Leaving pen and paper behind

Appie is primarily designed for the reinvention of list making. Customers can add anything to their list without changing their personal styles. It doesn’t matter whether product descriptions are vague or specific, whether it describes a specific type of tomato, toilet paper or tennis racket, or whether Albert Heijn sells the product or not. Appie never forces customers to do anything, but always tries to offer information where it might be relevant.

Creating a user interface that transforms an analog ritual into a more effective digital platform is an interesting design challenge, The list component has to account for the various ways users reference items (i.e. bananas vs. Chiquita bananas) or how they convey the quantity (i.e. two bananas vs. two bunches of bananas). It was also important to add functionality to the list that helps customers add items to their list quicker (i.e. autosuggest), and personalize the lists by suggesting items based on past purchases, related ingredients for meals, or items that are on sale. Suggestions are tailored to customer needs by using a basic version of personal ranking. For instance, related products that customers bought before and related products that are on sale appear higher in the suggestions lists then other products. Albert Heijn intends to further develop ranking by adding more parameters to the equation in order to generate even better matching suggestions (e.g. ‘items put on the list’, lifestyle preferences like ‘organic’ etc.).

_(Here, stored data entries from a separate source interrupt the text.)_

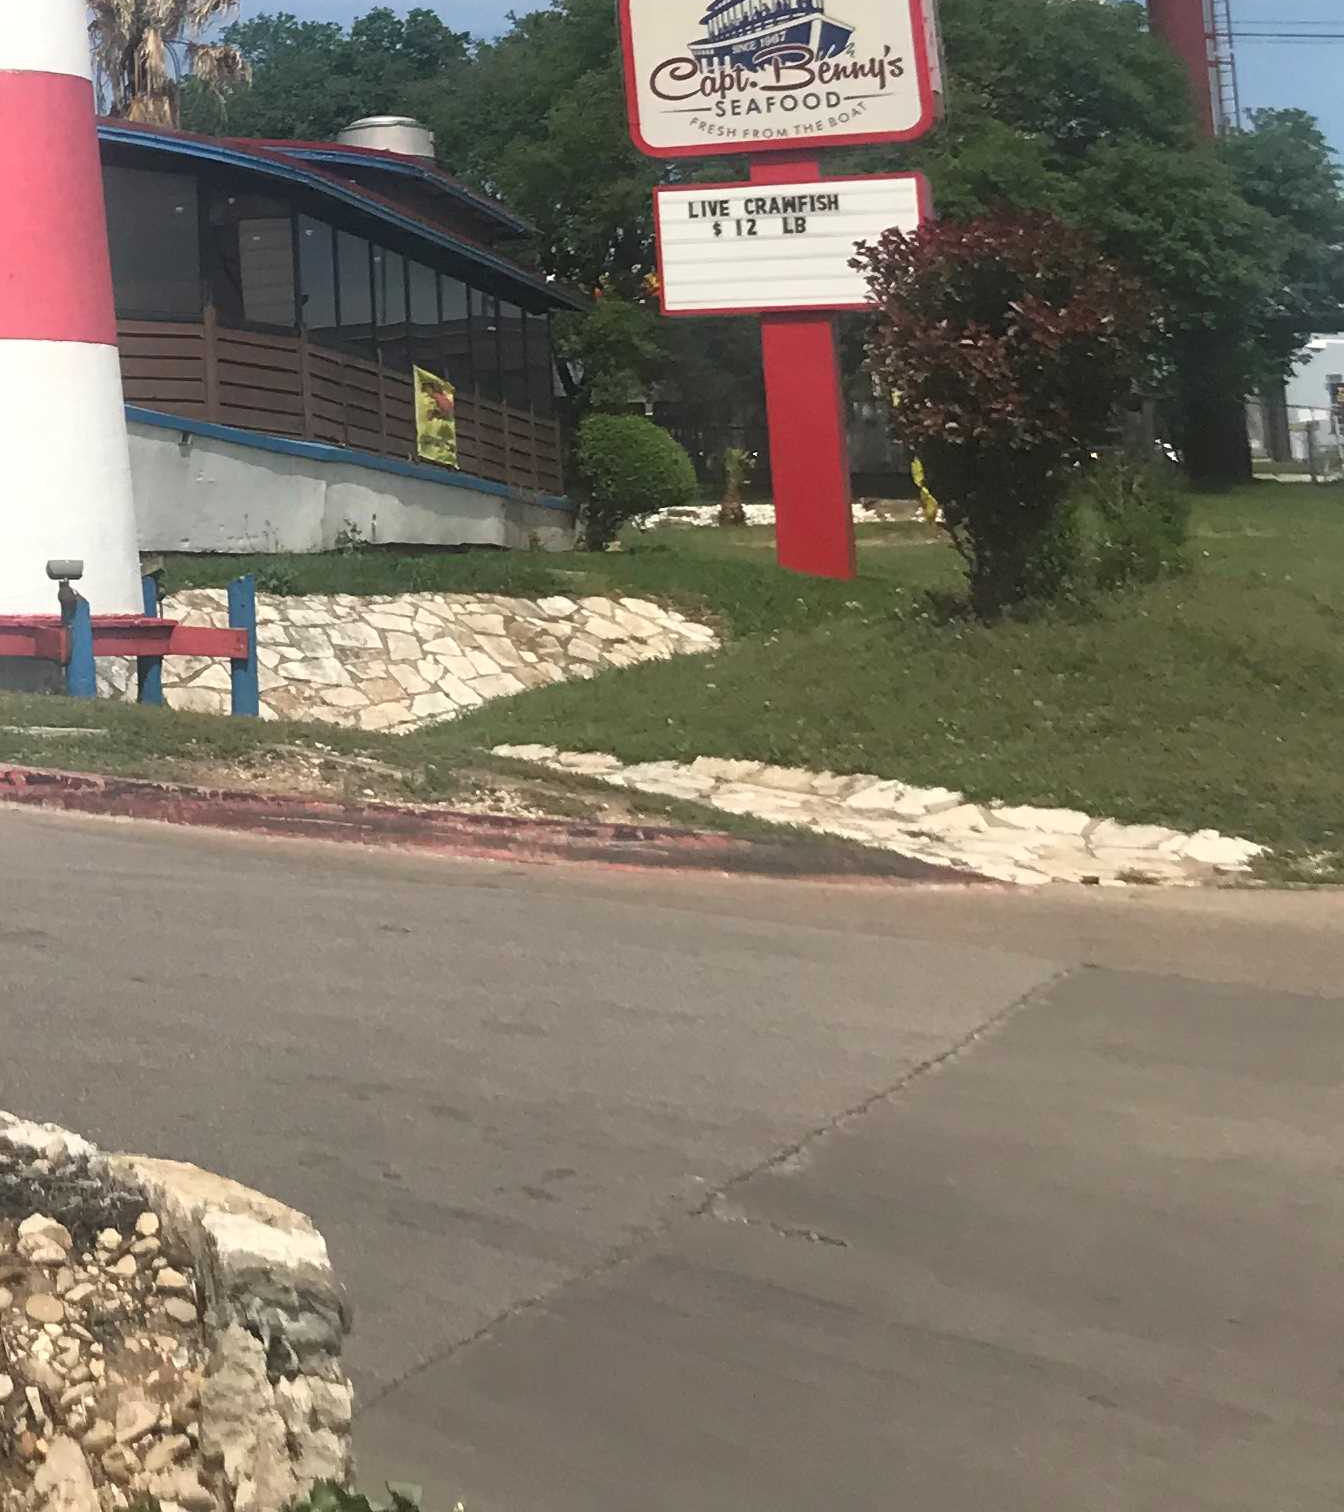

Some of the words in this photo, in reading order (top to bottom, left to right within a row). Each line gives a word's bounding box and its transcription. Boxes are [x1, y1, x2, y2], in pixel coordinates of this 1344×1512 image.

[732, 41, 757, 55] SINCE
[650, 57, 758, 100] Capt.
[753, 44, 904, 91] Benny's
[715, 91, 841, 117] SEAFOOD
[689, 116, 737, 138] FRESH
[743, 128, 788, 140] FROM
[794, 120, 823, 136] THE
[828, 101, 867, 127] BOAT
[688, 200, 730, 219] LIVE
[744, 193, 839, 215] CRAWFISH
[782, 216, 806, 234] LB
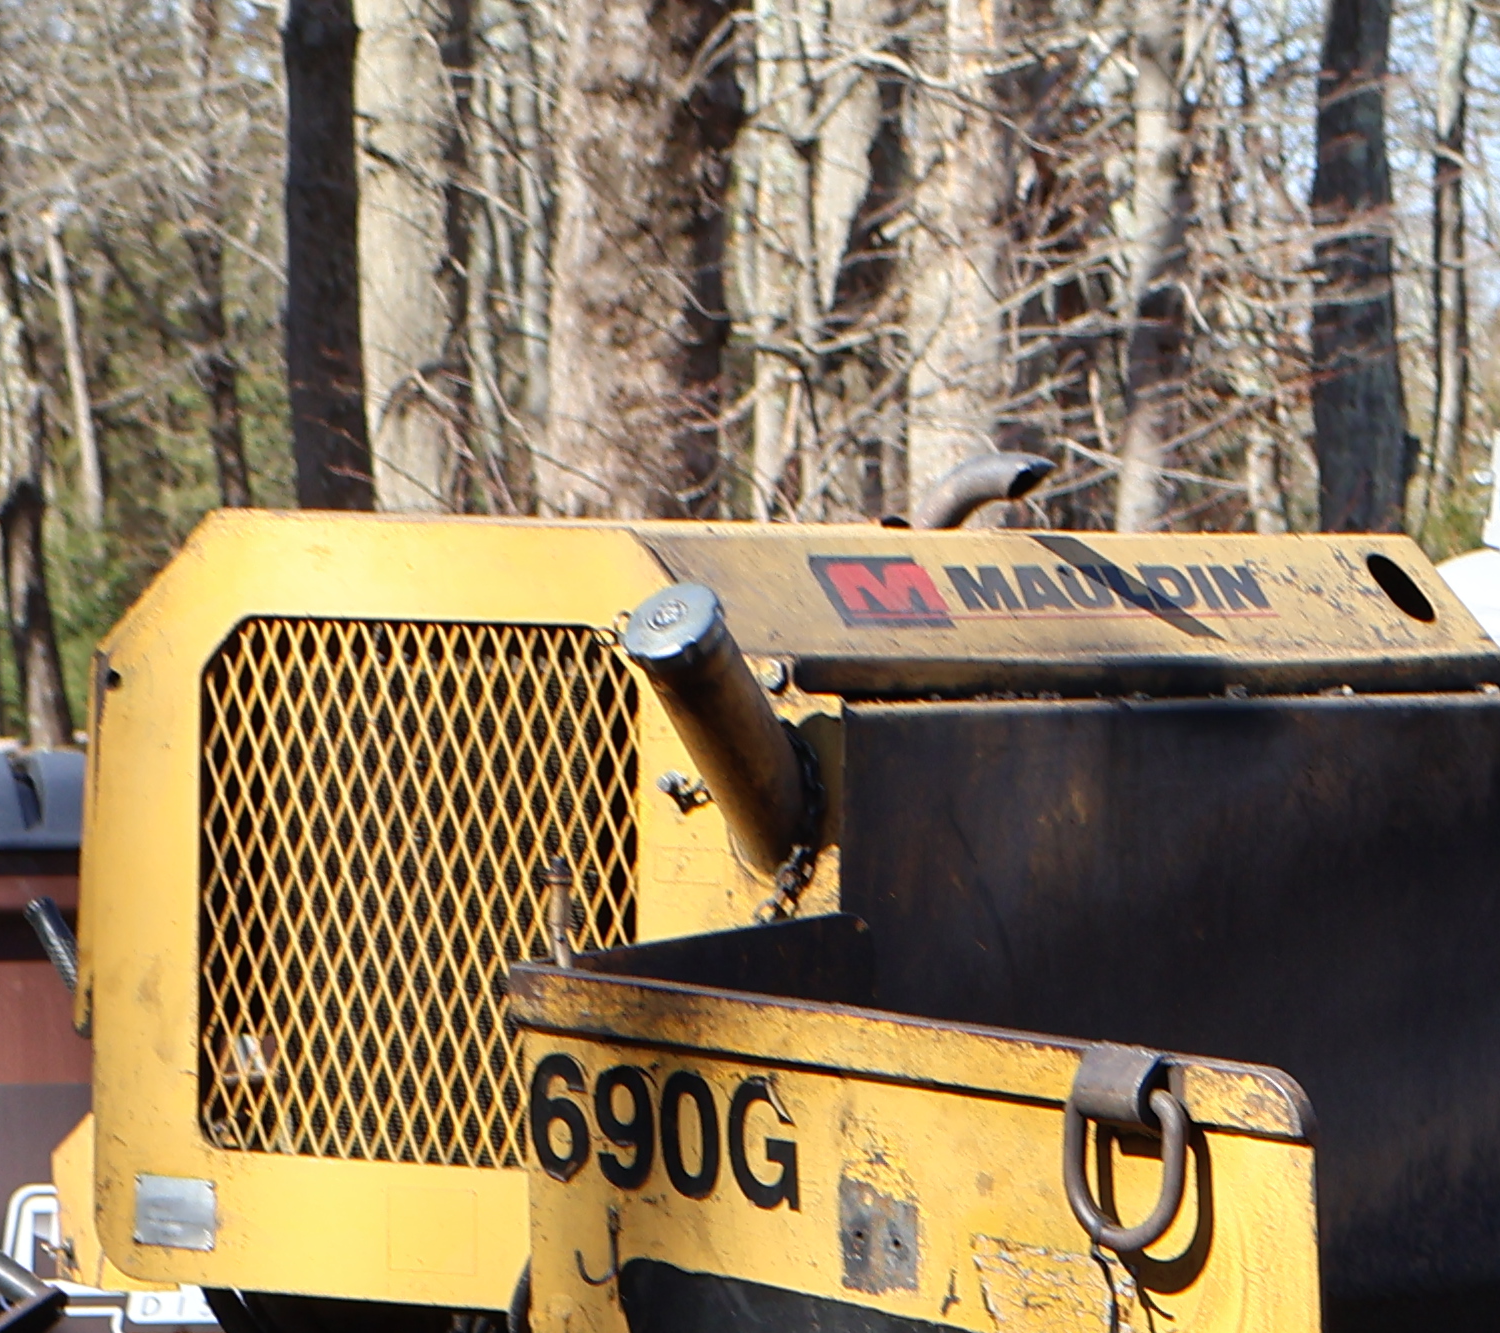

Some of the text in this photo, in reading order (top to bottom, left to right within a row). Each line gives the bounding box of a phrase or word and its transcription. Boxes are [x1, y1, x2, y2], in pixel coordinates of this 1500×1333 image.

[826, 562, 1271, 612] M MAULDIN
[530, 1052, 801, 1212] 690G

Appie also personalizes the shopping experience by allowing customers to sort their lists according to the layout of the Albert Heijn store. By bridging the gap between digital channels and the physical store, precious time is saved from searching the store for products.
The personal shopping experience is enhanced when customers join Albert Heijn’s loyalty program. The free and anonymous membership comes with a membership card that gives customers discounts based on the products they buy. When the cashier swipes their Bonus membership card at the cash register all of the purchased products are stored in the customer’s Appie profile. Also, their “Bonus” discount based on those products is directly deducted from the total amount they have to pay. This also allows customers to track their purchasing history.

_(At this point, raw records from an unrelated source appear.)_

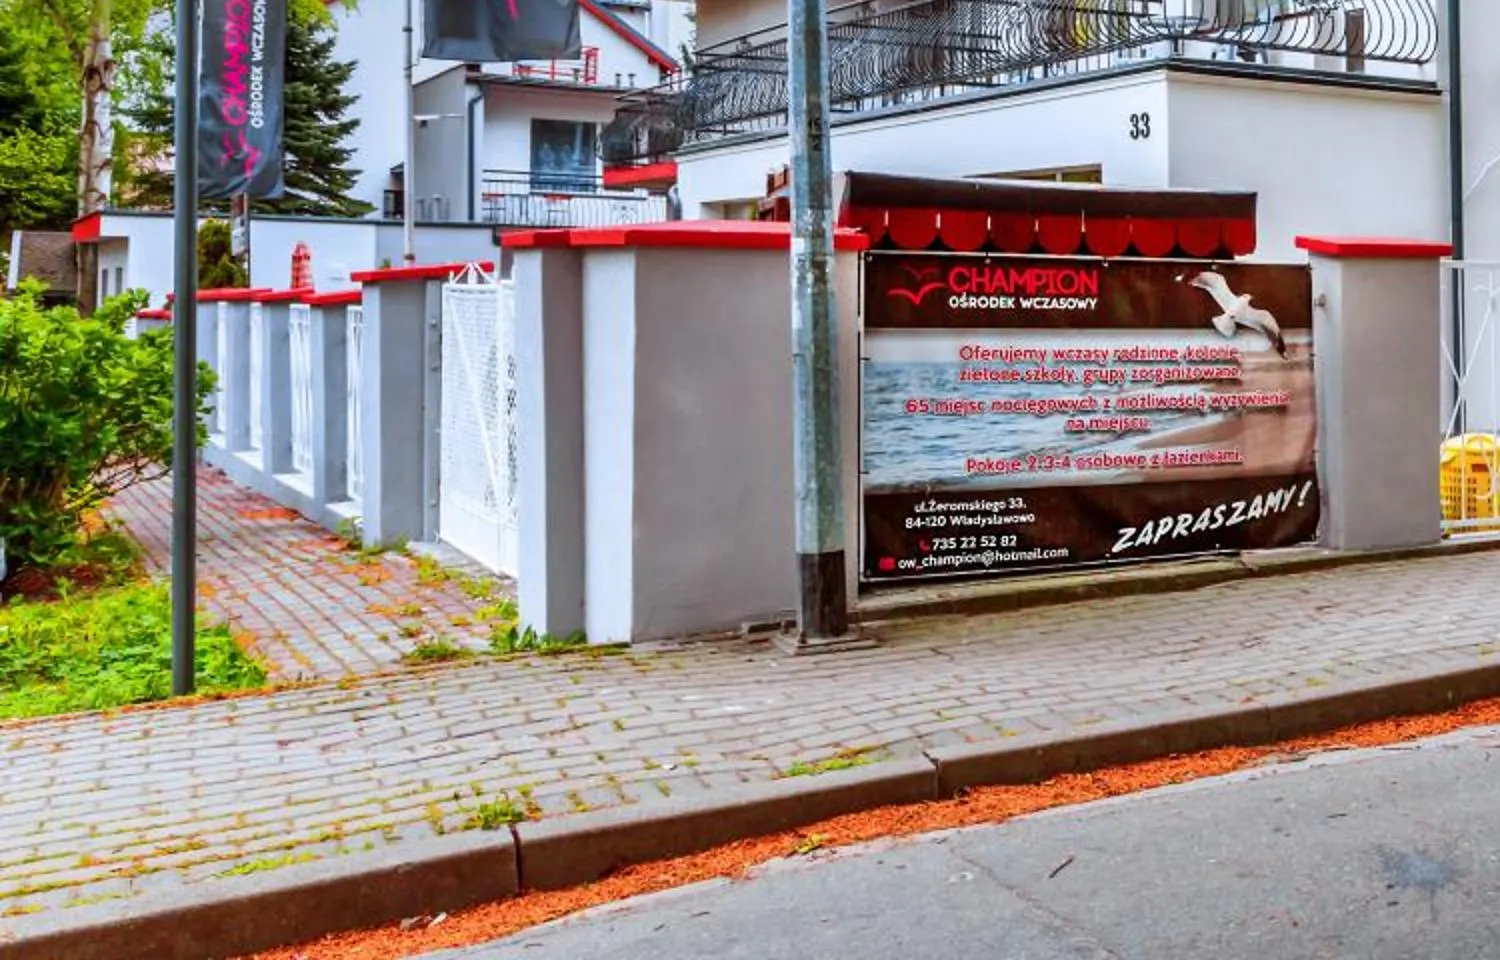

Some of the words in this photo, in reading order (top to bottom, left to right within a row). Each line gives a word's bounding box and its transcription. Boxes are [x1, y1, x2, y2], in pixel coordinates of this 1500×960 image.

[247, 66, 265, 129] OŚRODEK
[1129, 112, 1151, 140] 33
[948, 266, 1099, 295] CHAMPION
[949, 292, 1016, 309] OŚRODEK
[1020, 296, 1098, 310] WCZASOWY
[959, 345, 1047, 364] Oferujemy
[1053, 347, 1110, 364] wczasy
[1083, 368, 1126, 385] grupy
[904, 398, 929, 414] 65
[934, 397, 985, 415] miejsc
[1103, 397, 1111, 410] z
[1065, 418, 1085, 431] na
[965, 457, 1022, 474] Pokoje
[1075, 453, 1148, 469] osobowe
[1151, 452, 1160, 466] z
[904, 515, 947, 530] 84-120
[931, 538, 957, 551] 735
[959, 536, 977, 550] 22
[979, 535, 998, 548] 52

On top of that we made the list available on multiple platforms and enabled customers to share their list with others in order to add items to their list together. It was challenging, yet crucial to ensure that the synchronization rules always kept customers lists up-to-date to seamlessly socialize the lists.

Transforming meals into lists

The Appie service also includes a recipe finder that helps customers find relevant recipes in a database of more than 10,000 recipes. Recipes are an important part of the service because they help customers decide the tricky question of what to eat. Customers can filter down results based on lifestyle preferences and recipe parameters and incorporate those ingredients into their lists like they do with products.

Integrated delivery done right

Using agile methodology (designers, developers, test analysts and a team of product owners working in one space throughout the whole process) frog, Albert Heijn, and other contracted companies (Cap Gemini, Icemobile, and Qualogy).* have been able to collaborate and communicate seamlessly. This enabled the team to rapidly deliver Appie across multiple platforms like the PC and iPad, while the iPhone and Android App being delivered by another Albert Heijn team.* It also allows the team to work with Albert Heijn to progressively enhance Appie with new features and better data every month. 

Where to go next?

Nowadays more than 350,000 households in The Netherlands use the Appie platform daily as their personal shopping assistant that helps them shop for their daily groceries. In the coming year Appie will include enhanced features like home delivery and a more personalized offering.